■ Assignment ■
A faithful copy of the data below is required, leaving out every picture.

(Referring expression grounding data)
====================

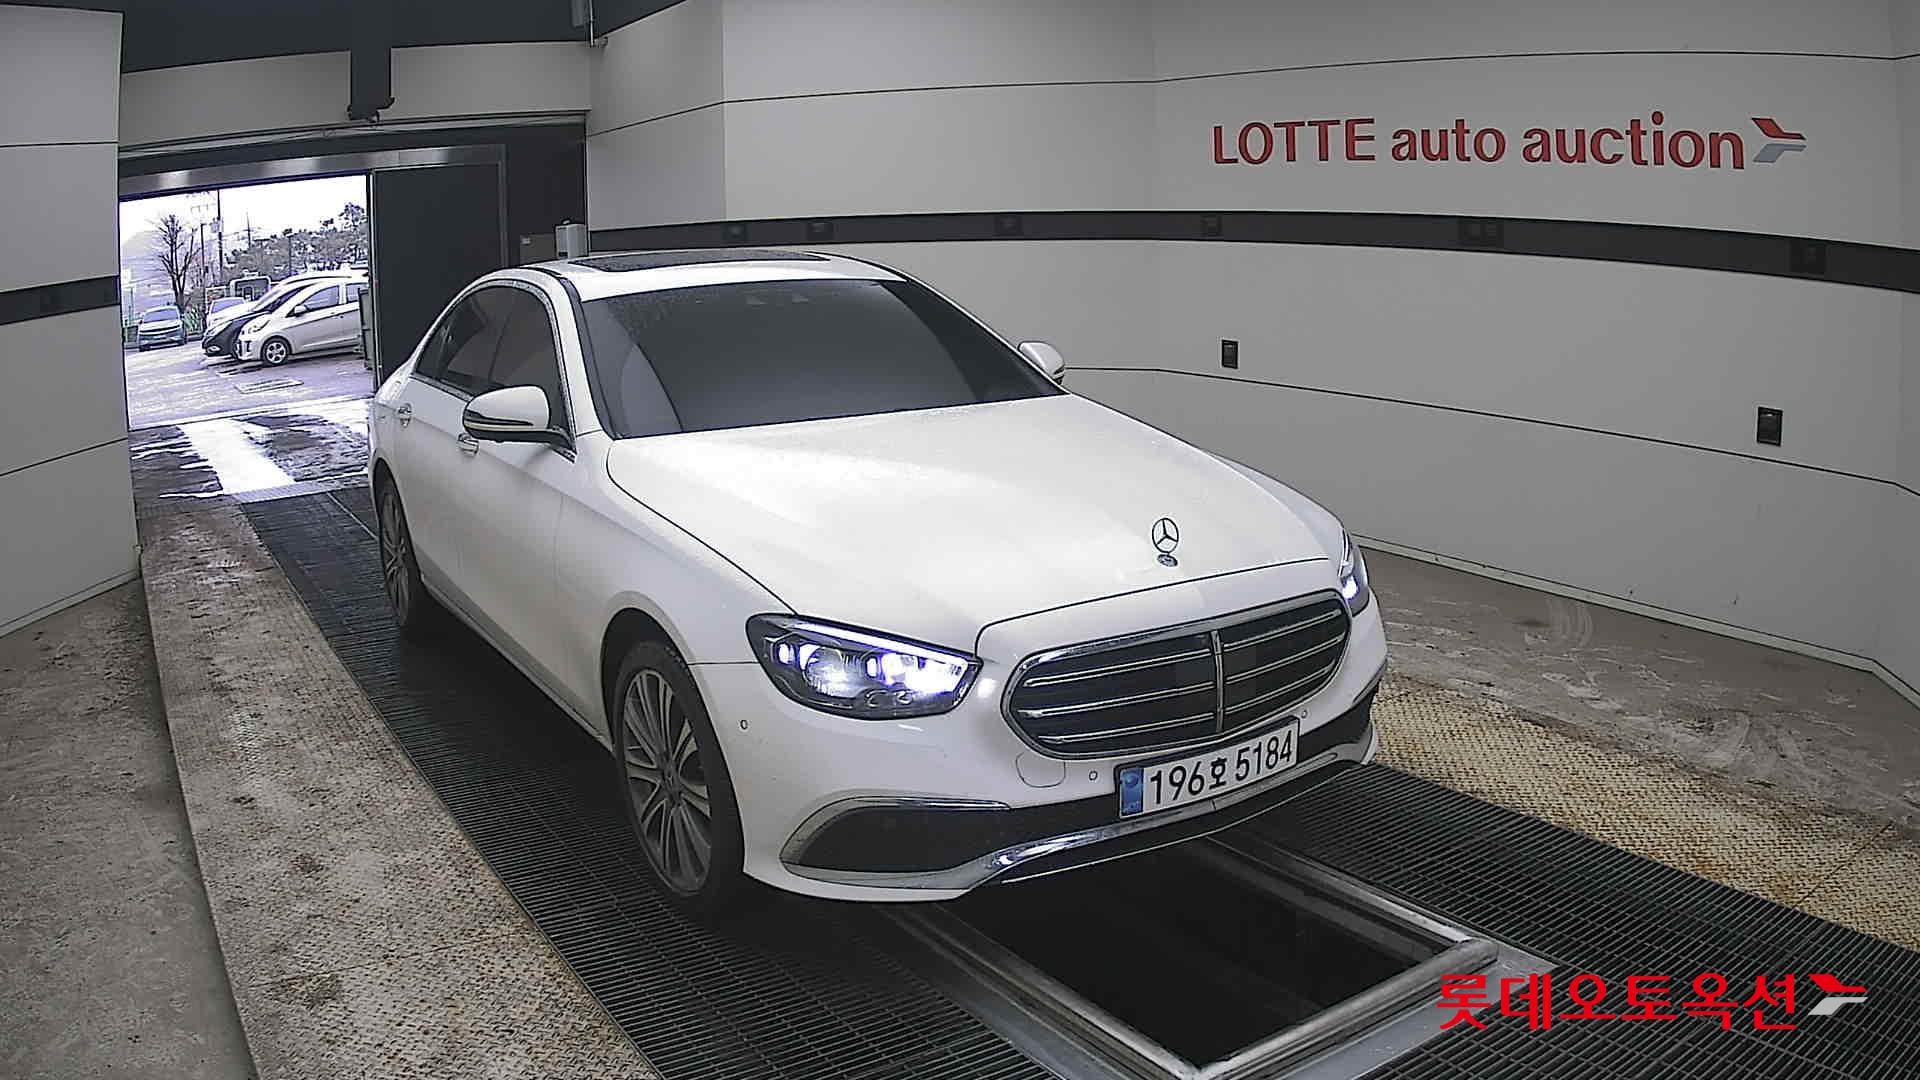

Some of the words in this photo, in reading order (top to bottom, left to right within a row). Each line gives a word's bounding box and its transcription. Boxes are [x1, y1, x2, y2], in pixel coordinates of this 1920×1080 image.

[1212, 117, 1376, 165] LOTTE
[1391, 119, 1506, 162] auto
[1522, 110, 1745, 170] auction
[1150, 757, 1228, 805] 196호
[1234, 730, 1292, 782] 5184

====================

■ Solution for this problem ■
Some of the words in this photo, in reading order (top to bottom, left to right within a row). Each line gives a word's bounding box and its transcription. Boxes are [x1, y1, x2, y2], in pixel coordinates of this 1920×1080 image.

[1212, 117, 1376, 165] LOTTE
[1391, 119, 1506, 162] auto
[1522, 110, 1745, 170] auction
[1150, 757, 1228, 805] 196호
[1234, 730, 1292, 782] 5184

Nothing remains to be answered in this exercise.